■ Referring expression grounding data
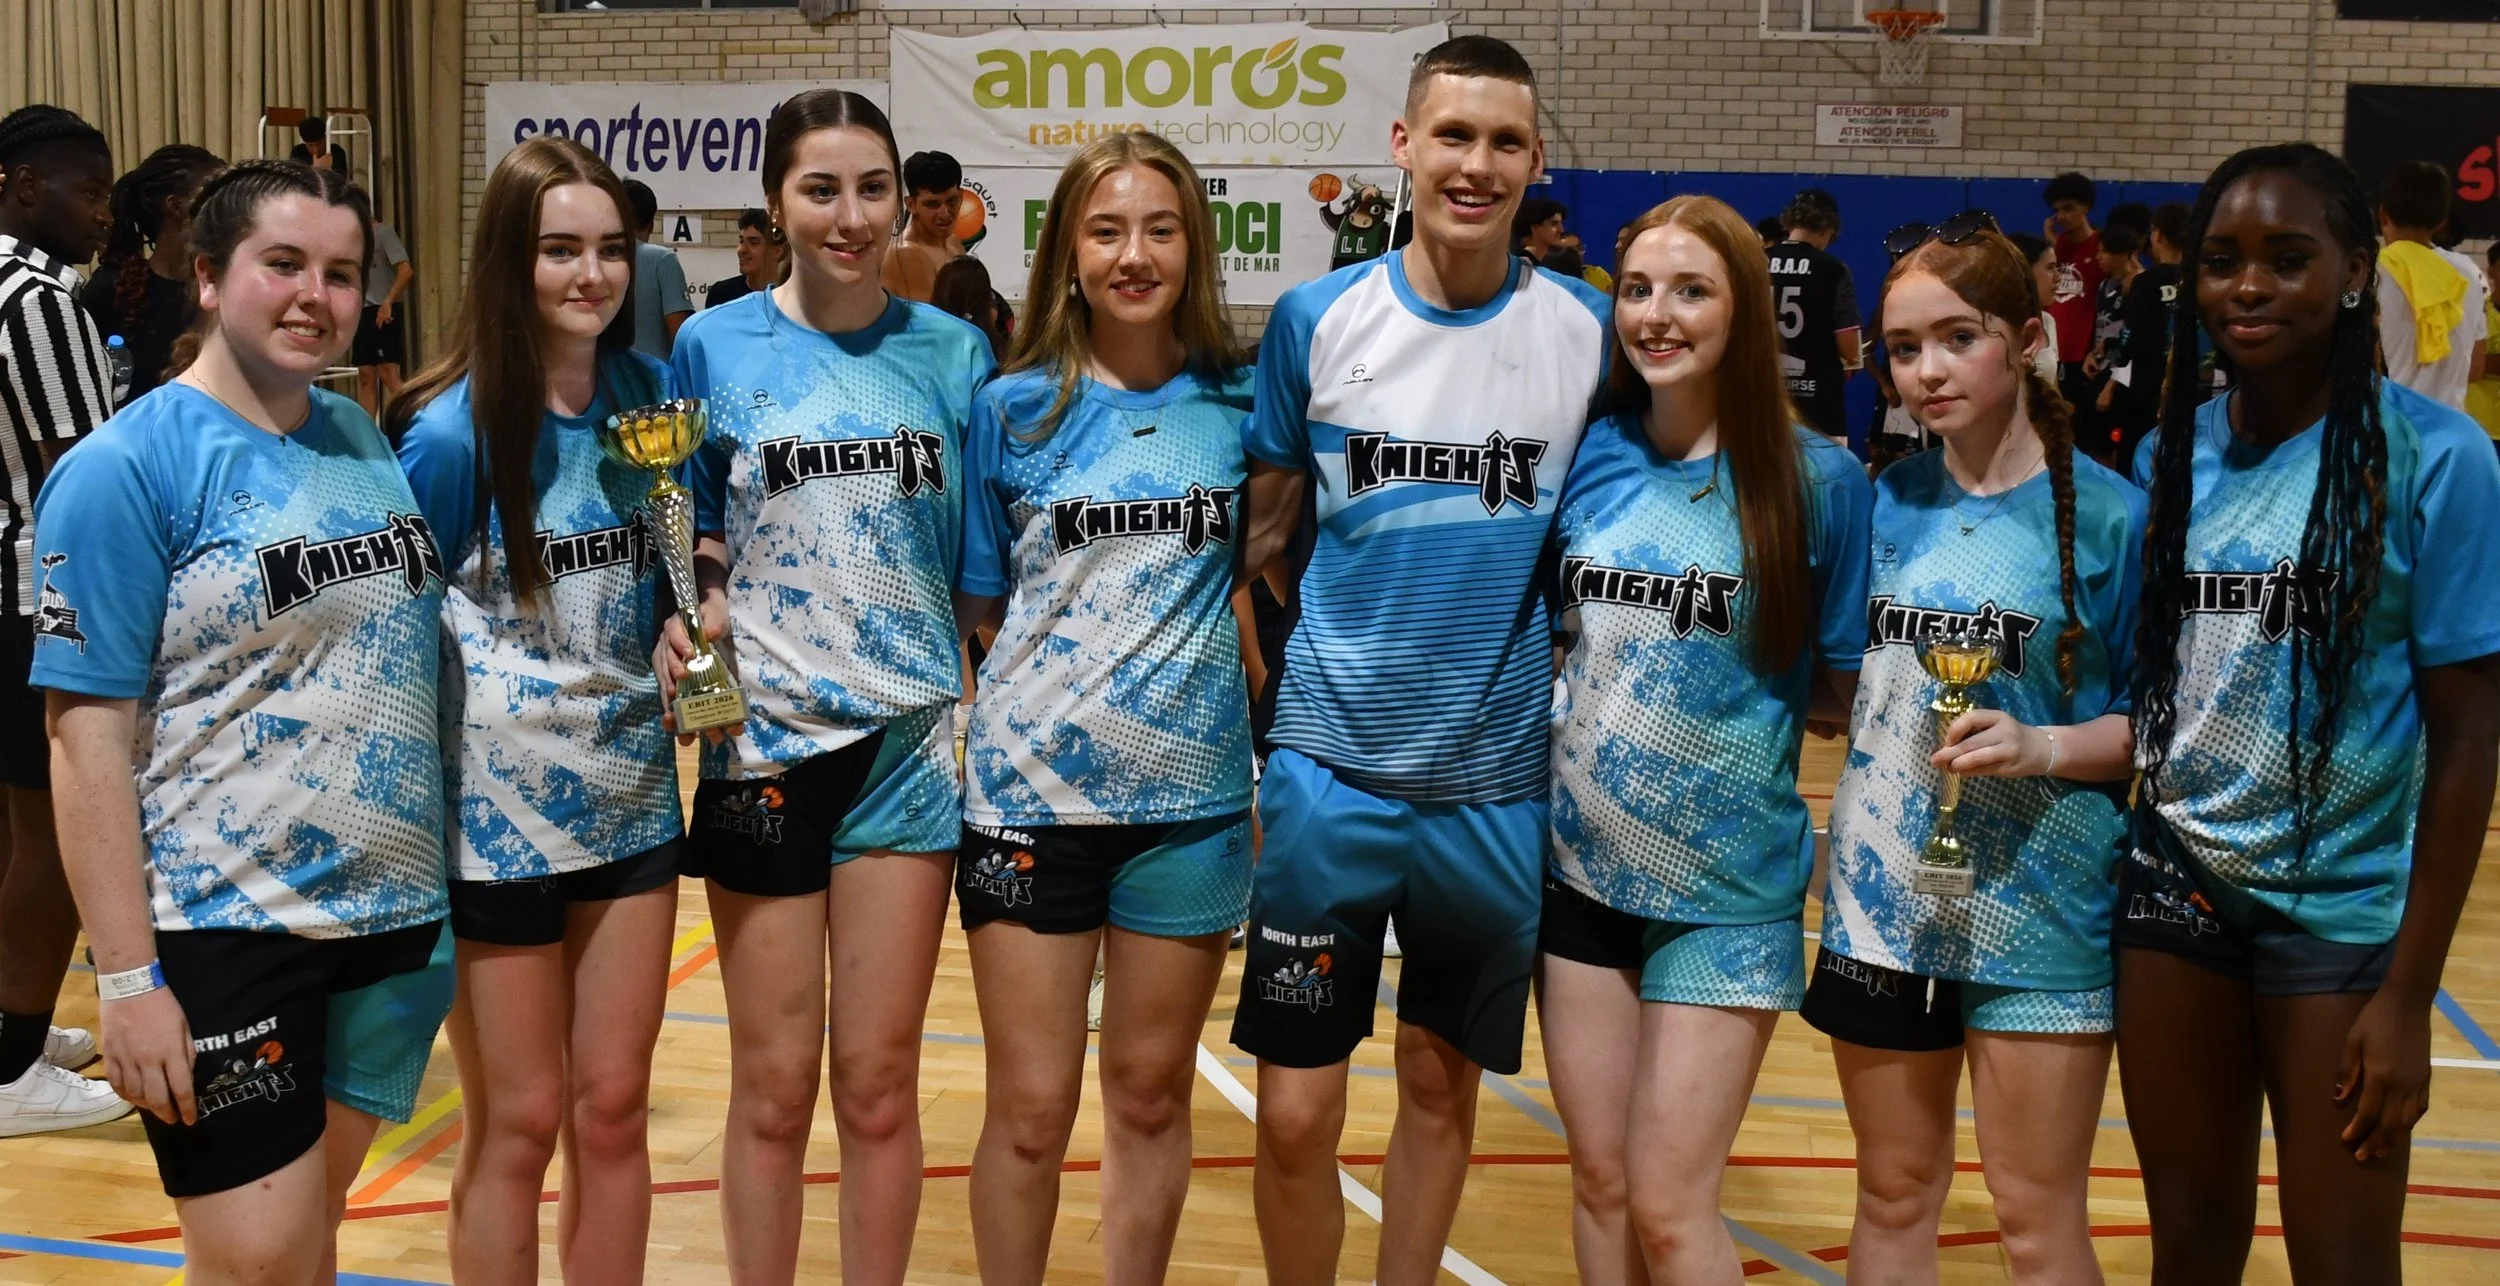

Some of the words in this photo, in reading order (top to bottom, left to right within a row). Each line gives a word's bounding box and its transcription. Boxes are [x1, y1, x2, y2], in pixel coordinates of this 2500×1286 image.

[1897, 107, 1949, 118] PELIGRO
[1152, 113, 1346, 152] technology
[1897, 127, 1937, 137] PERILL
[673, 215, 692, 241] A
[1234, 257, 1248, 271] DE
[1254, 257, 1280, 272] MAR
[1002, 829, 1035, 846] EAST
[1261, 925, 1297, 947] NORTH
[1301, 933, 1335, 948] EAST
[233, 1016, 278, 1044] EAST

■ WORK TO COMPLETE
Make an exact copy of the records above, with the pictures left out.

■ SOLVED PROBLEM
Some of the words in this photo, in reading order (top to bottom, left to right within a row). Each line gives a word's bounding box and its transcription. Boxes are [x1, y1, x2, y2], in pixel coordinates of this 2500×1286 image.

[1897, 107, 1949, 118] PELIGRO
[1152, 113, 1346, 152] technology
[1897, 127, 1937, 137] PERILL
[673, 215, 692, 241] A
[1234, 257, 1248, 271] DE
[1254, 257, 1280, 272] MAR
[1002, 829, 1035, 846] EAST
[1261, 925, 1297, 947] NORTH
[1301, 933, 1335, 948] EAST
[233, 1016, 278, 1044] EAST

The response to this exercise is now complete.